Ses entraînements avaient repris, et les tentatives de Cédric aussi. Les refus ne refrénaient pas ses ardeurs, au grand désespoir de Cera. Elle n'était pas loin d'utiliser les poings pour se faire entendre, mais craignant la conséquence de ses actes, elle ne fit rien.
Depuis sa tentative de meurtre dans le lit de son Maître, la chasseuse jouait la femme invisible. Elle retenait la moindre remarque de quitter ses lèvres, elle muselait ses envies de violence, et cette passivité la fatiguait.
Cera leva les yeux au ciel en sentant la main de son entraîneur sur son épaule. Elle aimerait lui tordre les doigts et lui faire regretter son contact sur sa personne, mais elle ne pouvait pas. Du moins, elle n'osait plus.
Depuis qu'elle avait essayé d'étrangler Priam, Cera essayait de se faire aussi petite que possible. L'homme lui avait pardonné une fois. Elle ne ferait pas l'affront d'essayer un énième acte de défiance. Elle pouvait bien résister à l'envie de tuer chaque homme sur son chemin.
– Tu vas pouvoir revenir à l'arène.
Le commentaire la fit grimacer. Les quelques semaines de répit qu'on lui avait accordées touchaient à leur fin.
– C'est une occasion en or pour la Maison.
Il ne tint pas compte de son manque d'intérêt pour continuer :
– Le dernier combat a beaucoup divisé. Pendant que certains te désignent gagnantes, d'autres, entends par là la grande majorité, considèrent ce combat en faveur de Niké.
L'entraîneur leva les yeux au ciel. Pour lui, l'affrontement ne relevait que d'une seule issue.
– Ils sont juste biaisés ou aveugles. Tu étais la dernière debout.
Cera savait qu'il gagnait en réputation grâce à elle. Elle ne fut donc pas étonnée qu'il soit aussi tendre envers elle. Cédric était si mielleux en sa présence qu'elle avait envie de lui tordre le cou.
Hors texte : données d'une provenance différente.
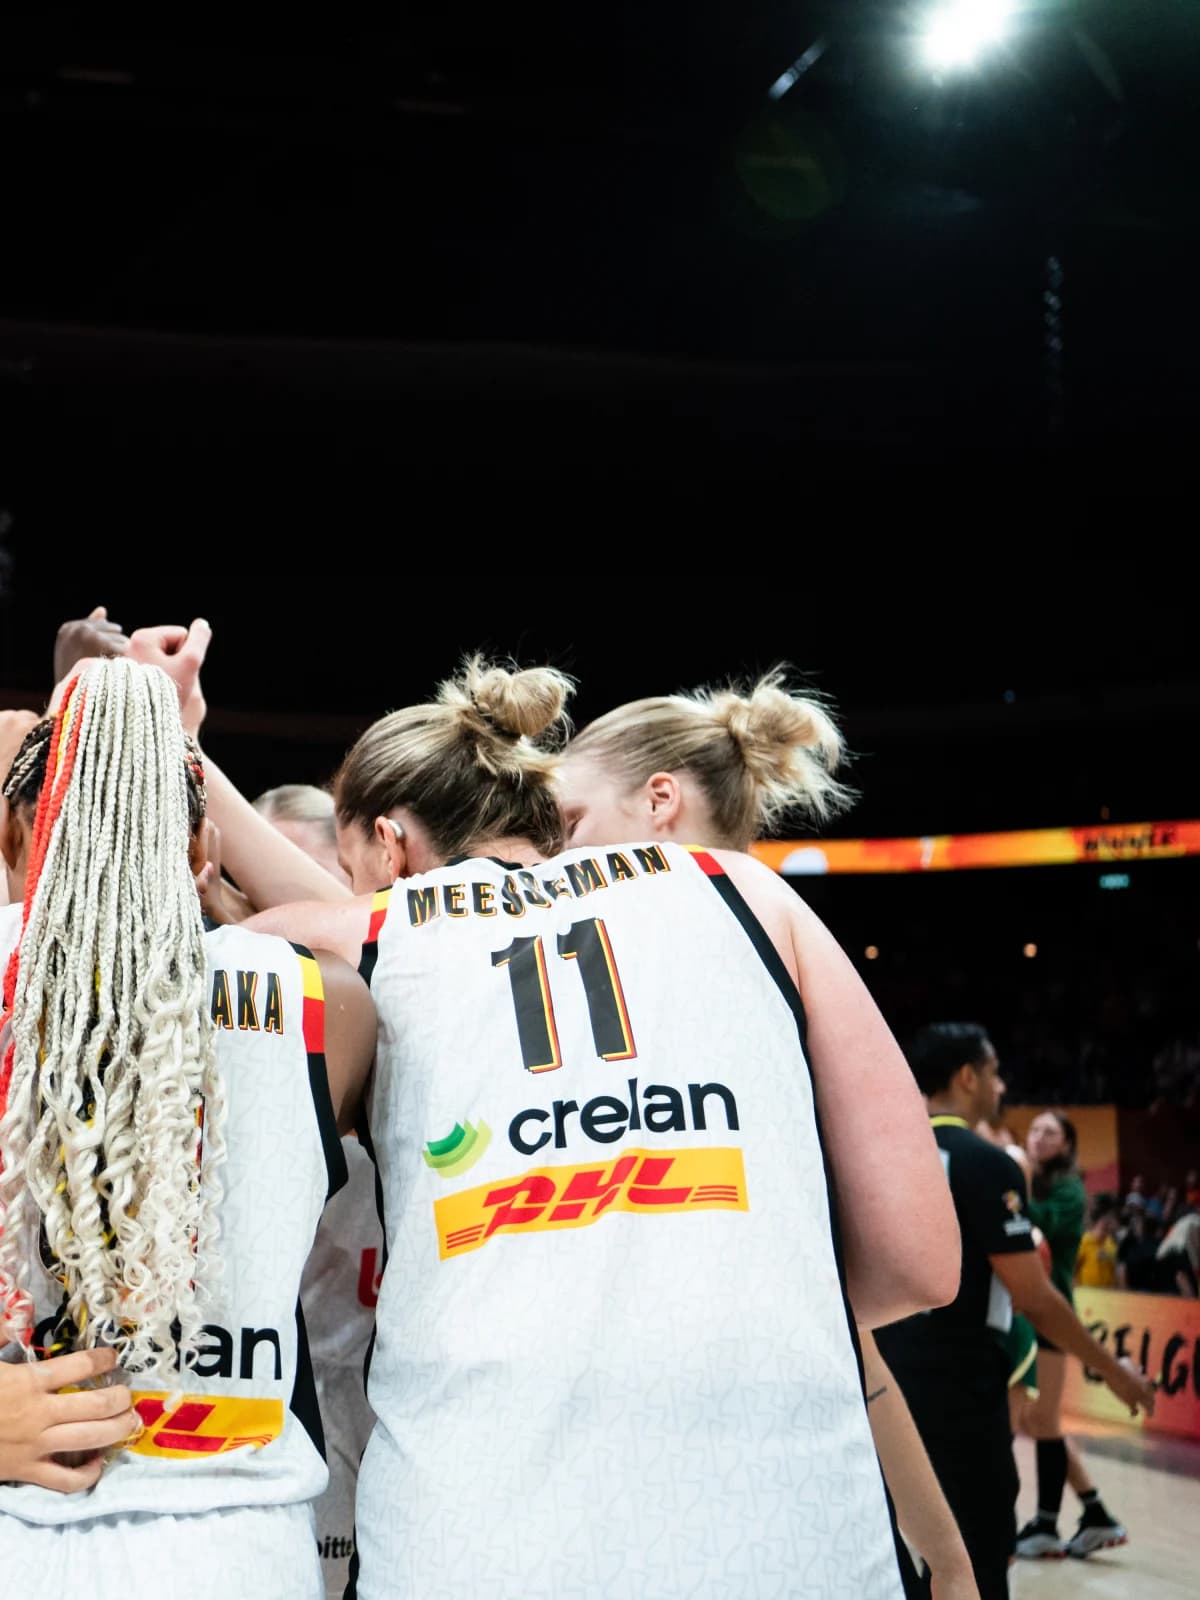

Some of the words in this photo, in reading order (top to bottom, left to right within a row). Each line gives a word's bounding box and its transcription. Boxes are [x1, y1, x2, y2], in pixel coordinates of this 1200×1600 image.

[407, 845, 671, 927] MEESSEMAN
[491, 917, 638, 1074] 11
[508, 1077, 740, 1155] crelan
[482, 1155, 692, 1239] DHL
La jeune femme souffla, excédée par sa proximité. Devrait-elle en parler à Priam ? Y changerait-il quoi que ce soit ? Elle déposa les poids pour se redresser et détendre les muscles de son cou. Les bras désormais levés vers le ciel, Cera tenta de faire disparaître les dernières tensions.
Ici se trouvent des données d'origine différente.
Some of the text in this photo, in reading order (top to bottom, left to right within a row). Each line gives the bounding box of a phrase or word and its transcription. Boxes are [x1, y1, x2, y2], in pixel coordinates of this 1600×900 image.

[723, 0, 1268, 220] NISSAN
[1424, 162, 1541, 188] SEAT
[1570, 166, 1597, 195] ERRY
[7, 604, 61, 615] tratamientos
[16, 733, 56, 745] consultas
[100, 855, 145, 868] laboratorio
La guerrière réajusta son tee-shirt en sentant le regard affamé de son entraîneur sur son ventre découvert. Un animal... Comme le reste des hommes. Cédric n'avait rien d'un lion ou d'un insecte. Elle le voyait plutôt comme un chien qui remuait la queue comme un imbécile, mais qui n'attaquait jamais.
Cera retourna au dortoir pour se laver et se vêtir. Elle souffla en constatant l'état de ses affaires : les tissus avaient été déchirés et éparpillés tout autour de son lit. Ce n'était pas la première fois que ce mauvais tour lui arrivait. Malgré tout, la chasseuse avait toujours du mal à mettre un visage sur ces actes. Homme ? Femme ? Ses ennemis se comptaient pas dizaine alors comment n'en comptait qu'un seul ?
– Et dire que c'est moi qu'on appelle la « sauvage », pensa-t-elle à voix haute. Tous des animaux, tous autant qu'ils sont...
Elle ramassa les lambeaux pour les mettre à la poubelle. Il devait bien lui rester quelques vêtements dans la chambre de Priam... Elle y passait toutes ses nuits depuis l'arrivée du Grand Maître. Si, au début, cet arrangement l'avait tenu éveillée, le confort du lit avait fini par endormir sa méfiance. Et la jeune femme devait bien admettre qu'elle dormait très bien depuis.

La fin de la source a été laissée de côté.